I say it is the moon.
I know it is the moon.
Nay, then you lie: it is the blessed sun.
Elsewhere Bianca’s many suitors are getting up to hijinks, deploying all the usual Shakespearean devices of disguises, mistaken identities, masters and servants swapping places etc. Bianca chooses one Lucentio, and his rival Hortensio goes off to marry a wealthy, older widow. In the end, the three couples come together, and both Bianca and the nameless Widow show their headstrong, froward nature, while Katherine shows herself to be perfectly obedient. It is an uneasy ending, and makes the play as a whole problematic to modern audiences and directors. Shakespeare doesn’t offer many clues in this text on how we are to interpret the relationship of Katharina and Petruchio – are they in fact in love with each other and it’s all a game (or foreplay) between them?; is Katharina just playing along to fool Petruchio into thinking that she’s become the obedient wife he’s set on making her into?; or are they both sincere and she has submitted to an essentially abusive husband? Or – none of the above, as this is merely a play within play and hence we don’t know/care, as some scholars have suggested.
This is how I imagine Katharine, and how I would portray her if I was a director – as a haughty, strong, unconventional woman with a sharp tongue and a very high opinion of herself, and with none of slapsticky screeching and screaming.
Is is any good?
Yes – especially the scenes with Bianca’s many suitors are good fun, and the text generally works well.

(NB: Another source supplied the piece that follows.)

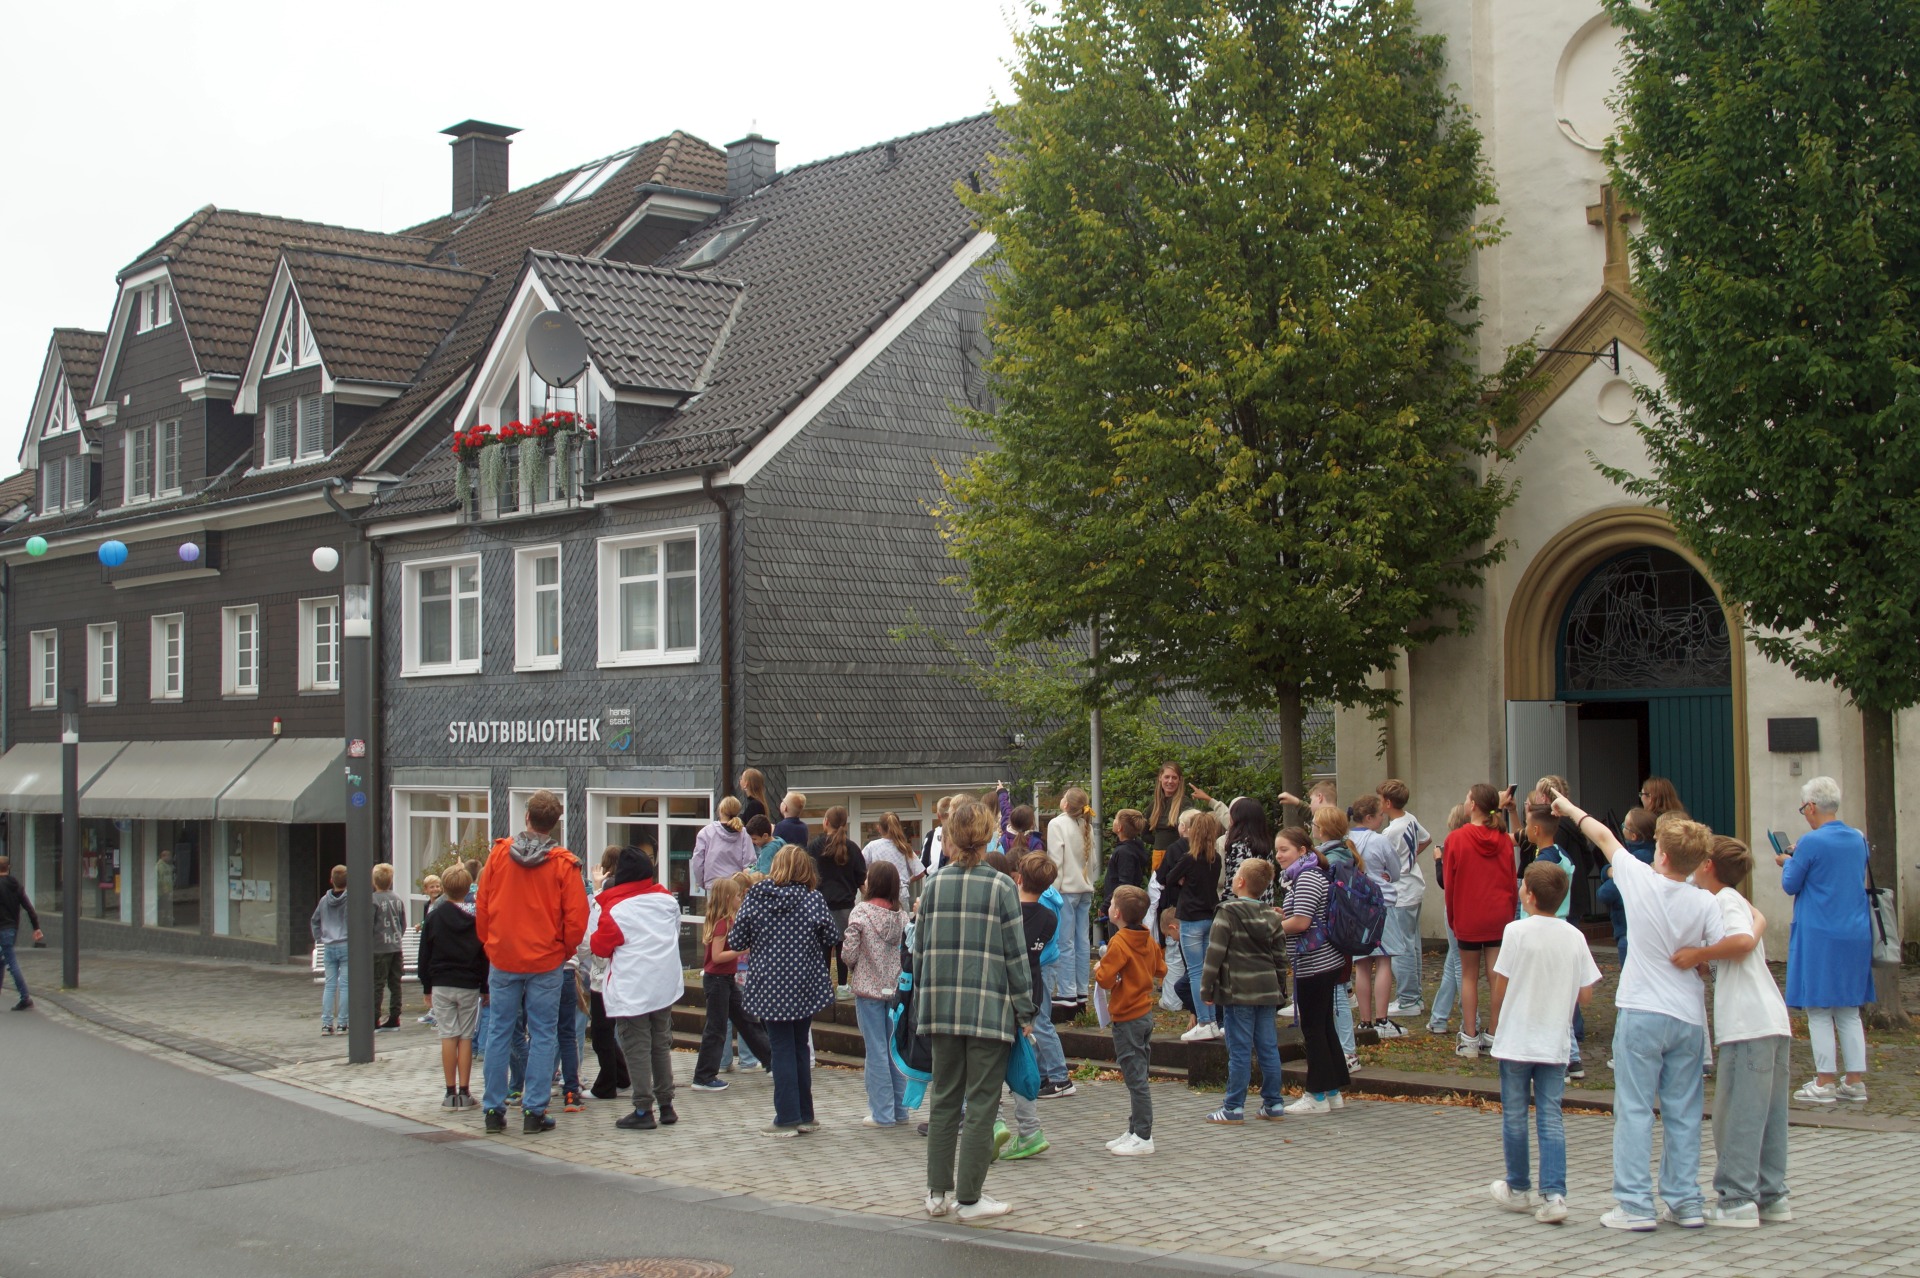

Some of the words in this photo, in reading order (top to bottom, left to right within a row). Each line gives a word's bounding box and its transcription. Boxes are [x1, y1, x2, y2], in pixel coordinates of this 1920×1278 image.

[609, 708, 631, 716] hanse
[609, 717, 631, 725] stadt
[449, 718, 601, 743] STADTBIBLIOTHEK

How much you will hate Petruchio and Katharine will depend on how the director has chosen to present them though.
Films Kiss me Kate, Deliver us from Eva and 10 Things I Hate about You are all adaptations of The Taming of the Shrew.
What say thou?
I love Biondello’s oddly detailed description of Petruchio’s wedding outfit:
Why, Petruchio is coming in a new hat and an old
jerkin, a pair of old breeches thrice turned, a pair
of boots that have been candle-cases, one buckled,
another laced, an old rusty sword ta’en out of the
town-armory, with a broken hilt, and chapeless;
with two broken points: his horse hipped with an
old mothy saddle and stirrups of no kindred;
besides, possessed with the glanders and like to mose
in the chine; troubled with the lampass, infected
with the fashions, full of wingdalls, sped with
spavins, rayed with yellows, past cure of the fives,
stark spoiled with the staggers, begnawn with the
bots, swayed in the back and shoulder-shotten;
near-legged before and with, a half-chequed bit
and a head-stall of sheeps leather which, being
restrained to keep him from stumbling, hath been
often burst and now repaired with knots; one girth
six time pieced and a woman’s crupper of velure,
which hath two letters for her name fairly set down
in studs, and here and there pieced with packthread.
I rather like Grumio, the long-suffering servant of Petruchio.
The Globe on Screen production from 2012, directed by Toby Frow and starring Samantha Spiro as Katharina and Simon Paisley Day as Petruchio. 3,5/5.